As might be expected, help doesn’t come cheap. A week’s worth of night-nanny services can cost well over a thousand dollars, with nannies earning about $15 to $40 an hour, depending on their experience, the number of babies and the babies’ health. Ms. Seveney says overnight nannies usually spend 6 to 10 weeks with a family with one newborn, and anywhere from two to four months for twins.
Night nannies either work on their own — like Ms. Roche’s — or through agencies that find assignments for them. The bulk of agencies charge clients a one-time placement fee, but some charge a flat rate for each night. Agencies generally require nannies to have several years of experience with newborns that are not their own children, and most require training in infant and child cardiopulmonary resuscitation.
Jena Riley, a night nanny and owner of Night Nannies for Newborns in Denver, said most of her nannies are “moms in their 30s and 40s whose husbands were home at night.” That works well for her clients, often in their 30s and 40s, too, who have lots of questions, she said, but may not feel comfortable taking advice from a 20-year-old.
WHAT can make the job tough isn’t the baby but the parents, said Jessica Muzio, 30, a night nanny with Nocturnal Nannies.
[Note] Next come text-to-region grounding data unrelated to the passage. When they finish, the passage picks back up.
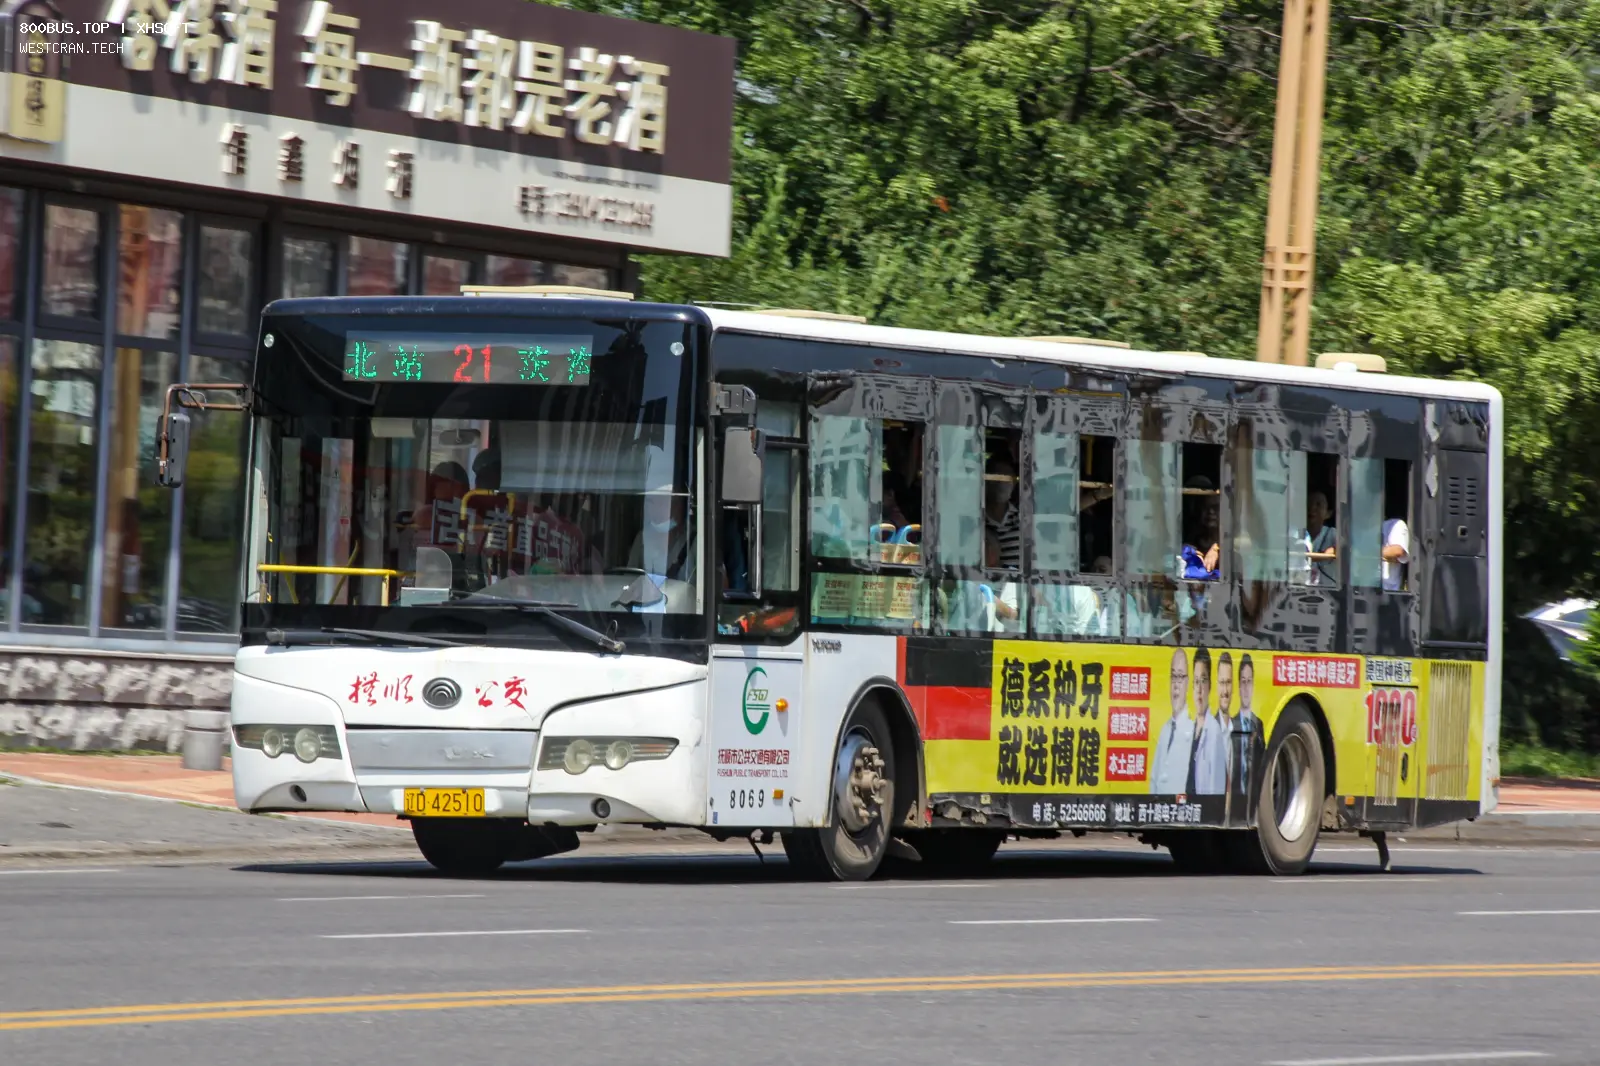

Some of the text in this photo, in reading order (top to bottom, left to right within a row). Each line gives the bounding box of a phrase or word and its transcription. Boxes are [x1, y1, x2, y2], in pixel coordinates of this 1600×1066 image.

[301, 0, 670, 155] 每一瓶都是老酒
[346, 341, 425, 381] 北站
[453, 343, 492, 383] 21
[1111, 672, 1149, 695] 德国品质
[1276, 658, 1357, 685] 让老百姓种得起牙
[475, 675, 528, 712] 公交
[1000, 657, 1104, 720] 德系种牙
[1110, 712, 1148, 735] 德国技术
[717, 748, 790, 765] 抚顺市公共交通有限公司
[997, 724, 1101, 787] 就选博健
[1108, 753, 1146, 776] 本土品牌
[729, 789, 765, 810] 8069
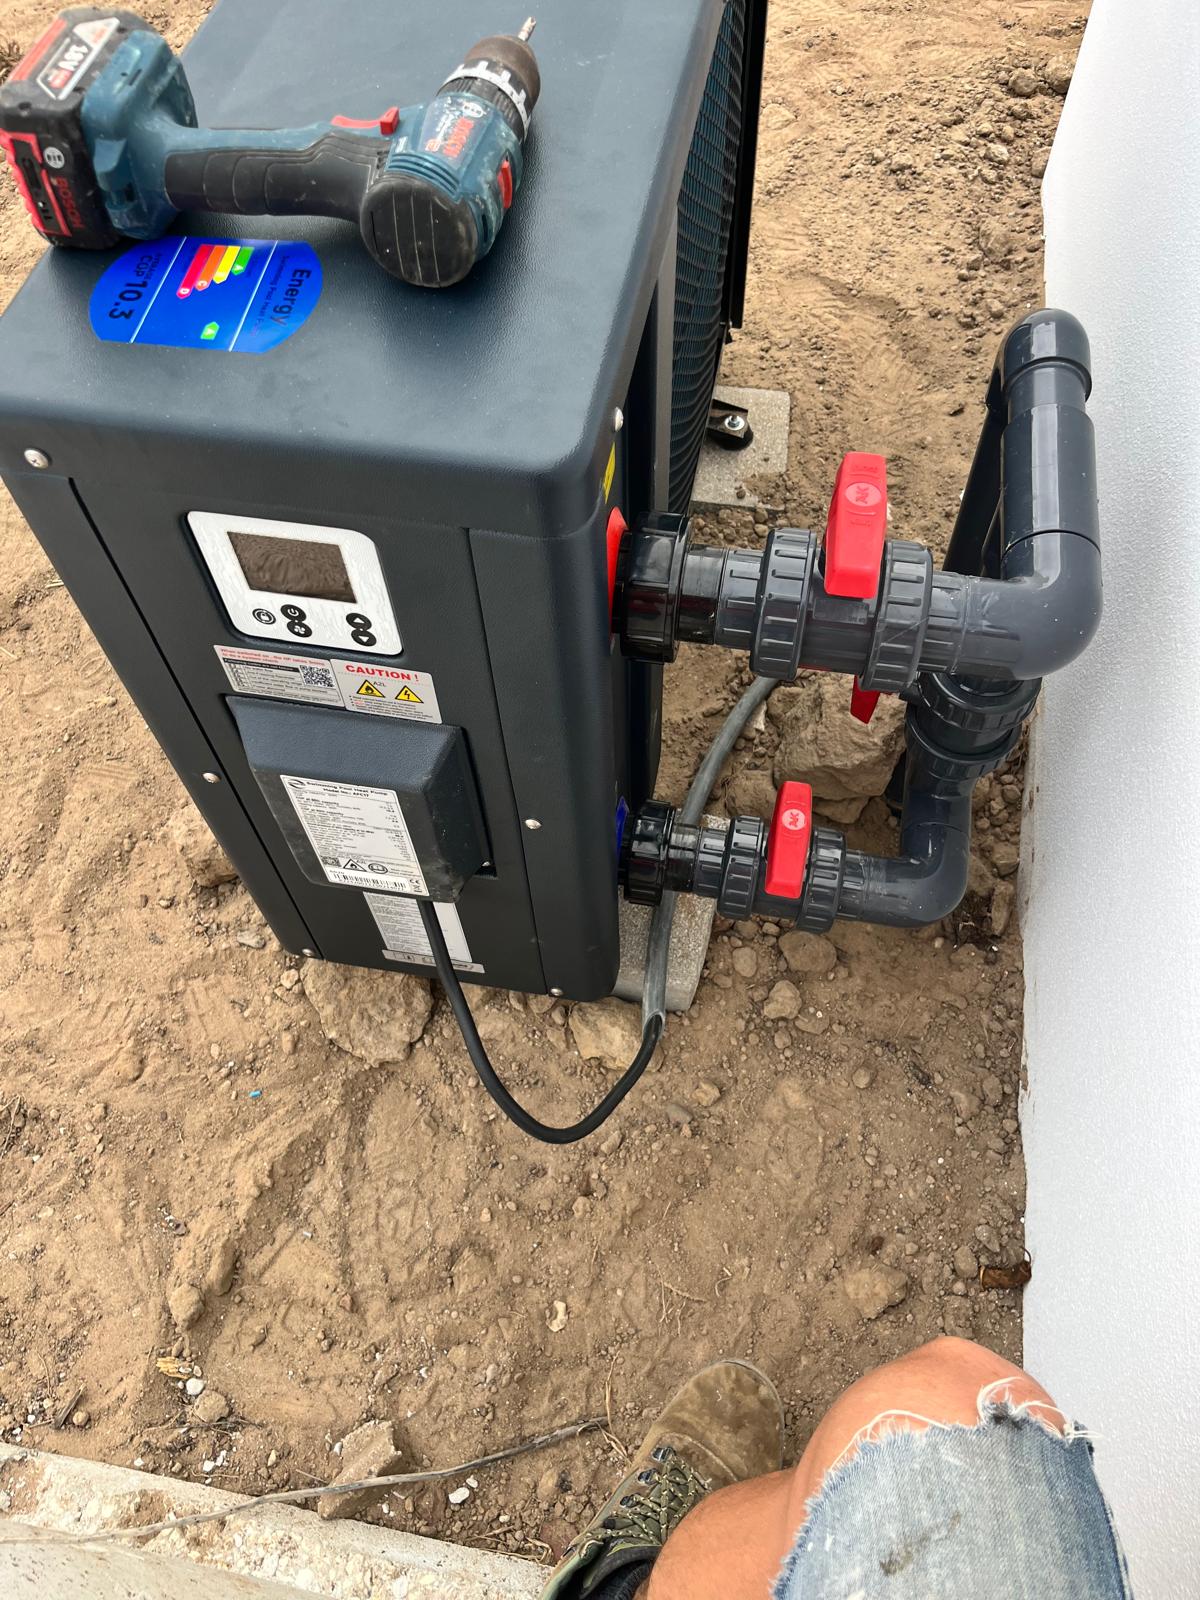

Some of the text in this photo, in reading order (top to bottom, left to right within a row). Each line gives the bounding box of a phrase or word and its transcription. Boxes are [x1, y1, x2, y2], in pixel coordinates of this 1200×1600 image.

[58, 44, 89, 72] 18V
[108, 255, 153, 319] COP 10.3
[270, 269, 312, 326] Energy
[345, 664, 411, 681] CAUTION
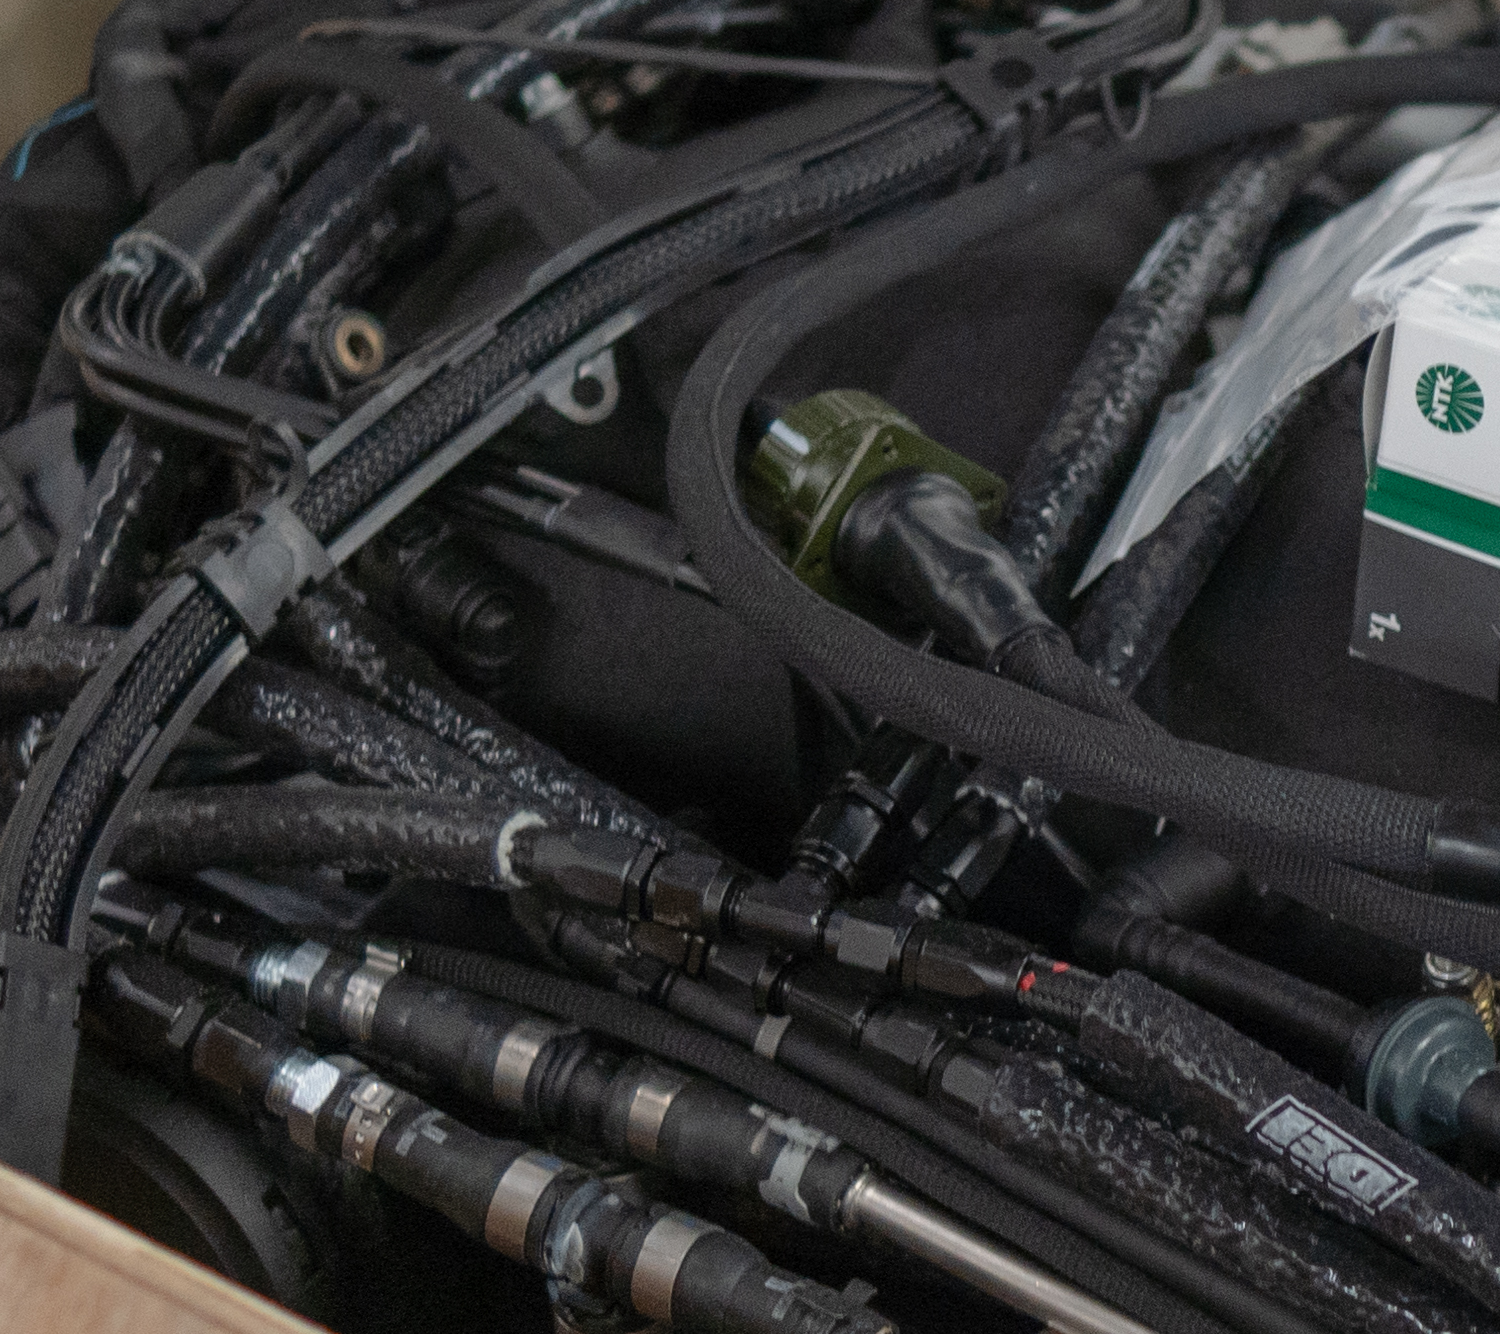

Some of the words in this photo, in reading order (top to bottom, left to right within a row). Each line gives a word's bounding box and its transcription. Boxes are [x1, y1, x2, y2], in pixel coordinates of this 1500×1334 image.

[1430, 370, 1456, 424] NTK
[1368, 611, 1401, 642] 1x
[1254, 1101, 1401, 1217] DEI
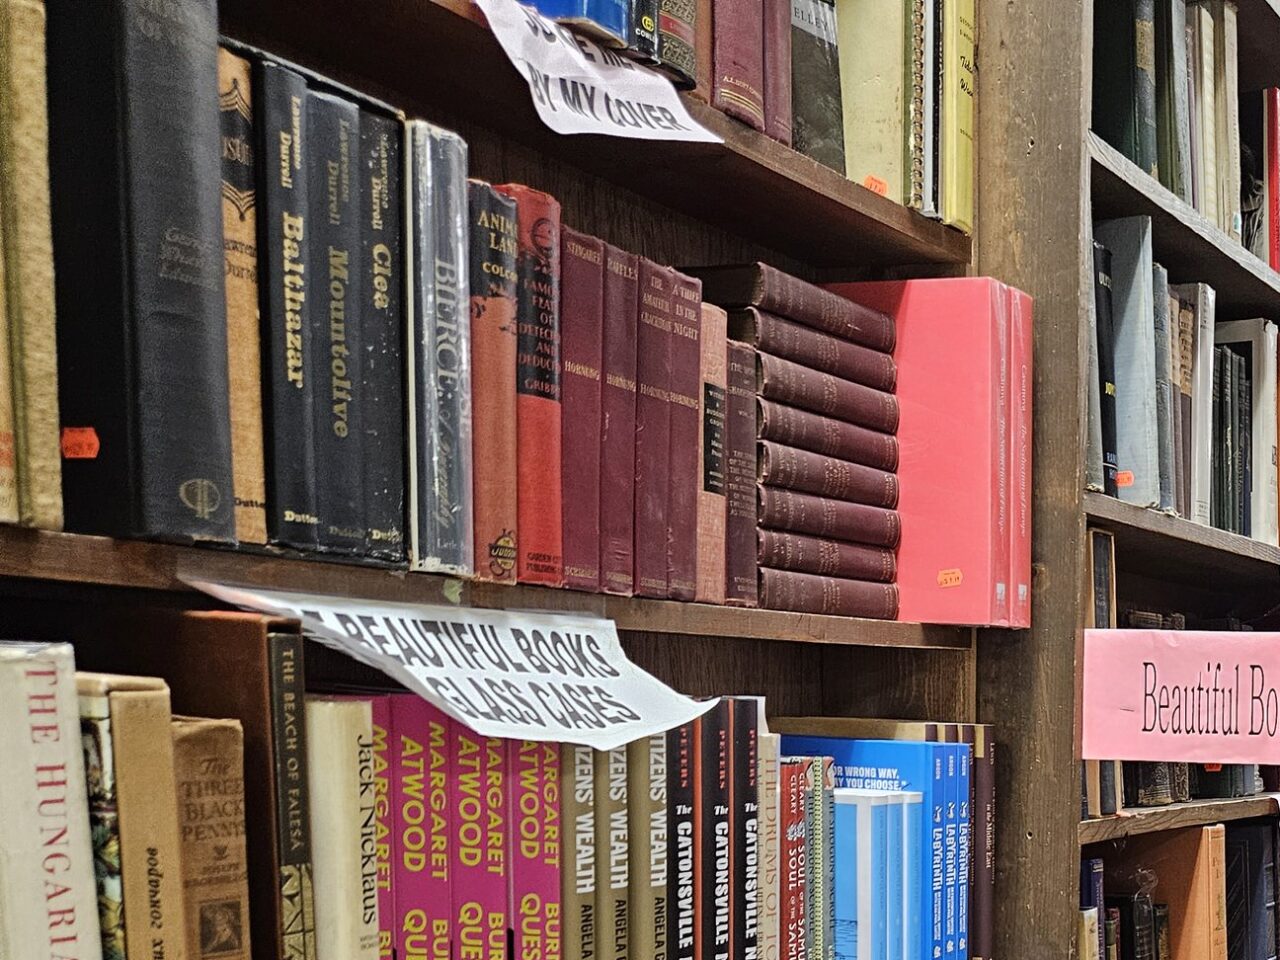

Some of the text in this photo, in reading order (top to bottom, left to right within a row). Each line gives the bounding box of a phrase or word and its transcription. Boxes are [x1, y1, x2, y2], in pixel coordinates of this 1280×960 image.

[526, 61, 692, 132] BY MY COVER
[279, 130, 293, 190] Durrell
[328, 160, 341, 226] Durrell
[283, 211, 305, 389] Balthazar
[371, 243, 392, 310] Clea
[607, 257, 638, 281] RAFFLES
[328, 247, 352, 438] Mountolive
[673, 321, 699, 341] NIGHT
[335, 613, 621, 678] BEAUTIFUL BOOKS
[25, 661, 61, 744] THE
[283, 648, 298, 748] THE BEACH
[424, 675, 642, 729] GLASS CASES
[1141, 661, 1240, 736] Beautiful
[181, 779, 243, 799] THREE
[401, 735, 426, 872] ATWOOD
[429, 721, 448, 882] MARGARET
[459, 735, 482, 867] ATWOOD
[845, 766, 900, 780] WRONG WAY.
[846, 777, 863, 788] YOU
[185, 800, 243, 821] BLACK
[357, 734, 377, 925] Jack Nicklaus
[575, 812, 595, 895] WEALTH
[610, 810, 628, 889] WEALTH
[650, 806, 667, 888] WEALTH
[765, 805, 777, 886] DRUMS
[788, 848, 797, 891] SOUL
[933, 827, 943, 892] LABYRINTH
[945, 823, 956, 886] LABYRINTH
[959, 822, 969, 885] LABYRINTH
[677, 821, 693, 949] CATONSVILLE
[714, 819, 729, 946] CATONSVILLE
[580, 904, 594, 960] ANGELA
[615, 899, 627, 953] ANGELA
[654, 897, 666, 950] ANGELA
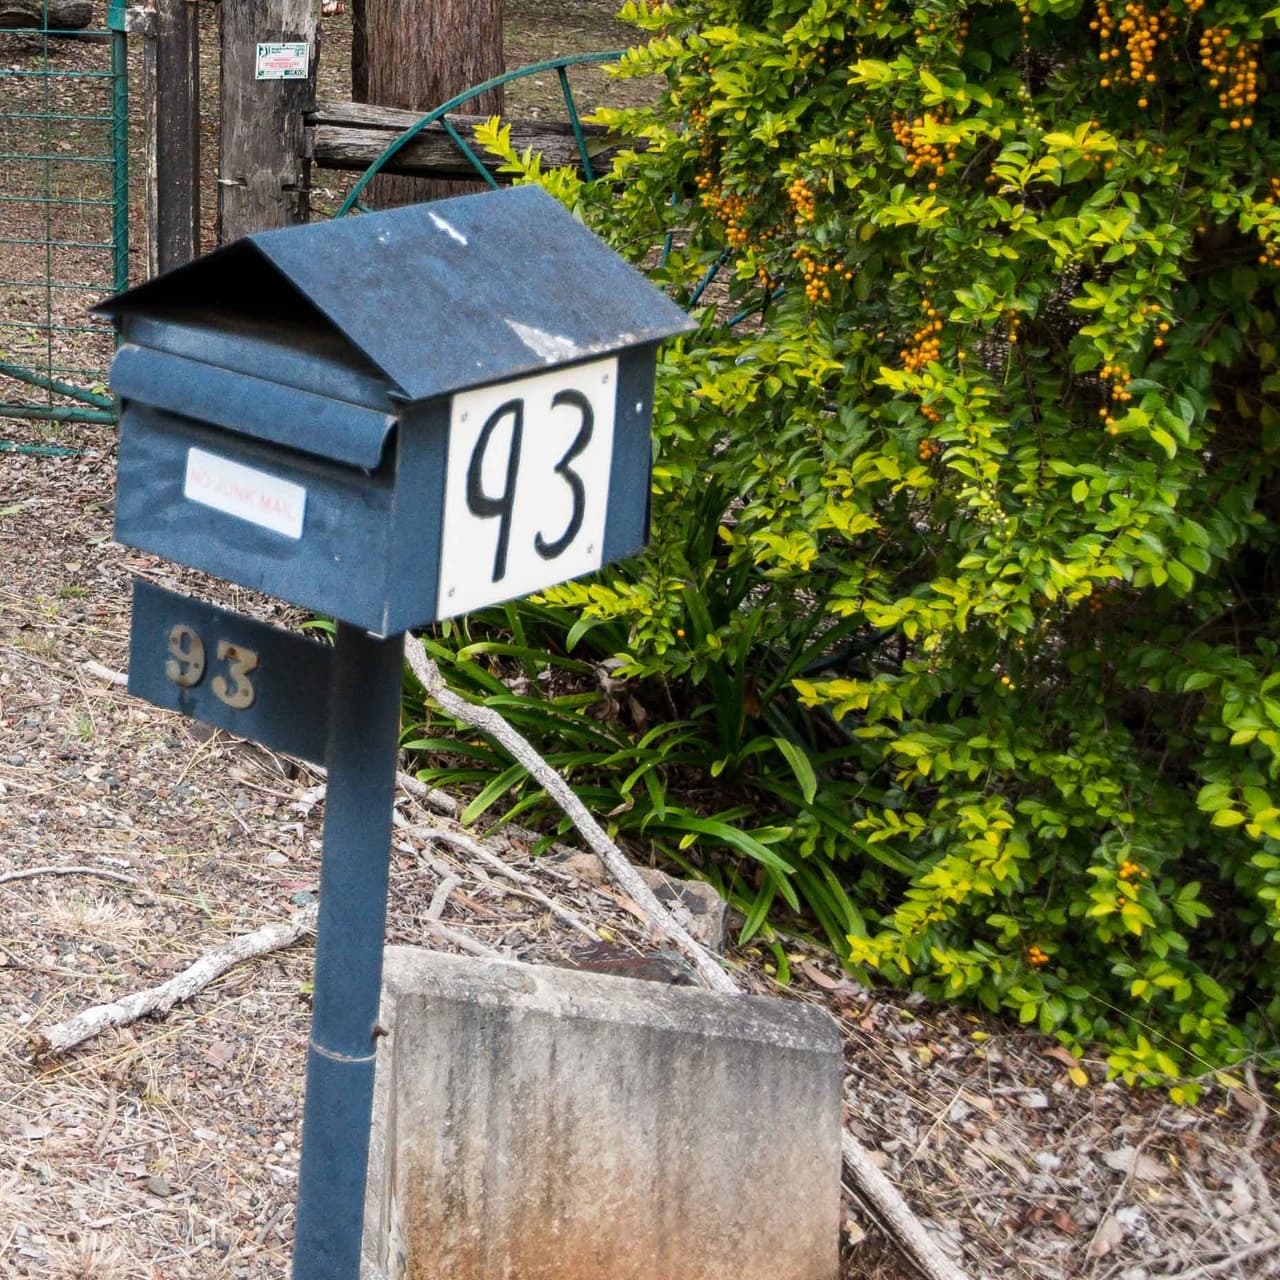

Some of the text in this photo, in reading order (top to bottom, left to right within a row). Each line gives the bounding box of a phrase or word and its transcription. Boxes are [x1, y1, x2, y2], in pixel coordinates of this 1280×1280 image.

Ms. Muzio has a degree in psychology and once worked with autistic children. She is pursuing a nursing degree during the day.
“Babies are babies and I’m at the point now where I can almost always soothe them,” she said. “What makes the job good or bad is the rest of the family.” Parents are usually asked to keep track of their baby’s daytime routine in order to help the nanny troubleshoot at night, but many parents don’t.
And the atmosphere in a home is potentially uncomfortable, Ms. Riley said, if the new baby is causing friction between parents trying to adjust to the change.
It can also be isolating to work alone from 9:30 at night until 6:30 in the morning. “That’s the worst thing about the job,” Ms. Muzio said.
Making a steady living is sometimes a challenge because an assignment is generally short term, and there may be a gap before the next one.
Still, Ms. Muzio relishes the work. “It’s a great job for me,” she said, “because I love babies.”